La pandemia di Covid ci ha davvero insegnato qualcosa?
Hub vaccinale a Torino (Ansa).

Il Covid ci ha lasciato un mondo spaventato e diviso

Ma l’altra faccia, umana e sanitaria, del Covid-19 ci ha consegnato un mondo e una società più che mai divisi, spaventati e colpiti. Nel corpo e negli affetti. Con una ambivalenza tra il peggio e il meglio rappresentata da una lato dalla politica e dai leader no-vax, ovvero i negatori della mortalità del virus, con in prima fila gli autocrati, da Trump a Bolsonaro, da Orban a Erdogan; dall’altro dalla capacità di reazione attiva, concreta e perfino ottimistica del personale sanitario, delle associazioni di volontariato e dei gruppi di cittadinanza attiva. In mezzo a questi due schieramenti le immagini e le cronache della fase più alta della pandemia, il 2020-2021: ospedali presi d’assedio, file di camion militari carichi di bare dirette ai luoghi di cremazione, famiglie devastate dal dolore di non poter assistere i propri cari e dare loro l’ultimo saluto.

La pandemia di Covid ci ha davvero insegnato qualcosa?
(foto di Guido Hofmann via Unsplash).

Abbiamo imparato qualcosa da quella tragedia?

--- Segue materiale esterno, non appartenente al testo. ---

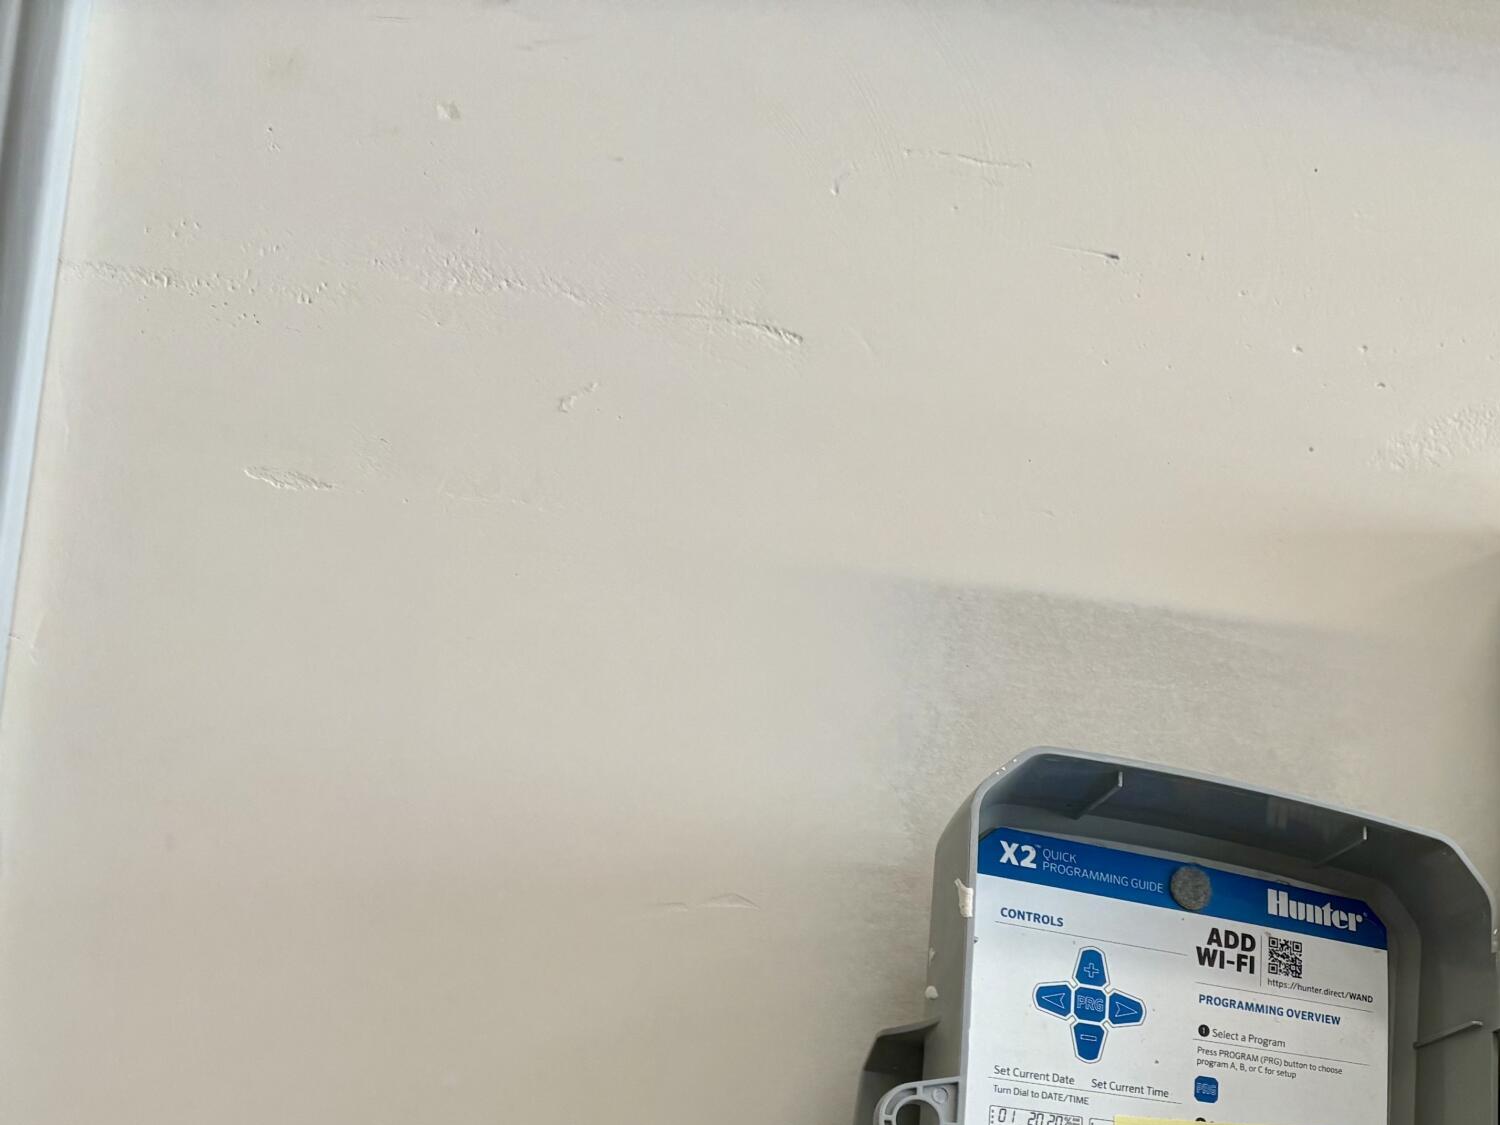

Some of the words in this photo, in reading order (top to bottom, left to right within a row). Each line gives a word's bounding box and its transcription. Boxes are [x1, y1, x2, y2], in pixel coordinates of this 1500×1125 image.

Quel che resta è il titolo del docu-film di Gianpaolo Bigoli e Mariachiara Illica Magrini, visibile su RaiPlay, che racconta i giorni terribili del primo lockdown a partire dall’impegno di un gruppo di cittadini di Parma che decide di raccogliere gli effetti personali abbandonati in ospedale dalle vittime del Covid per restituirli alle famiglie che non hanno nemmeno potuto celebrare i funerali. Seguendo il viaggio degli oggetti, il film racconta una comunità che cerca di rimanere unita. Di ritrovare il filo di un comune destino in una situazione di drammatica emergenza. Ma detto che il documentario è commovente, possiamo chiederci cosa resta oggi di quella tragedia? È stata una lezione che ci ha insegnato qualcosa, resi migliori e capaci di fronteggiare con minor danno una prossima pandemia, oppure no? Tragicamente – ma è un’ipotesi provvisoria – a mantenersi vivi sono stati il sentimento no-vax e le teorie di complotti orchestrati da Big Pharma e dalle élite globaliste. Al contrario si sono perse quasi le tracce sia dell’urgente bisogno di potenziare la sanità pubblica, soprattutto quella territoriale e della necessità di organismi sovranazionali efficaci capaci di fronteggiare eventuali nuove pandemie. Dopo gli Usa di Trump ora è l’Argentina di Millei a ritirarsi dall’OMS ed è prevedibile che altri capi di governo sovranisti vorranno seguire l’esempio. Col risultato altrettanto prevedibile di rischi epidemici crescenti. Come peraltro sta accadendo negli Usa, dove focolai di morbillo si registrano un po’ ovunque.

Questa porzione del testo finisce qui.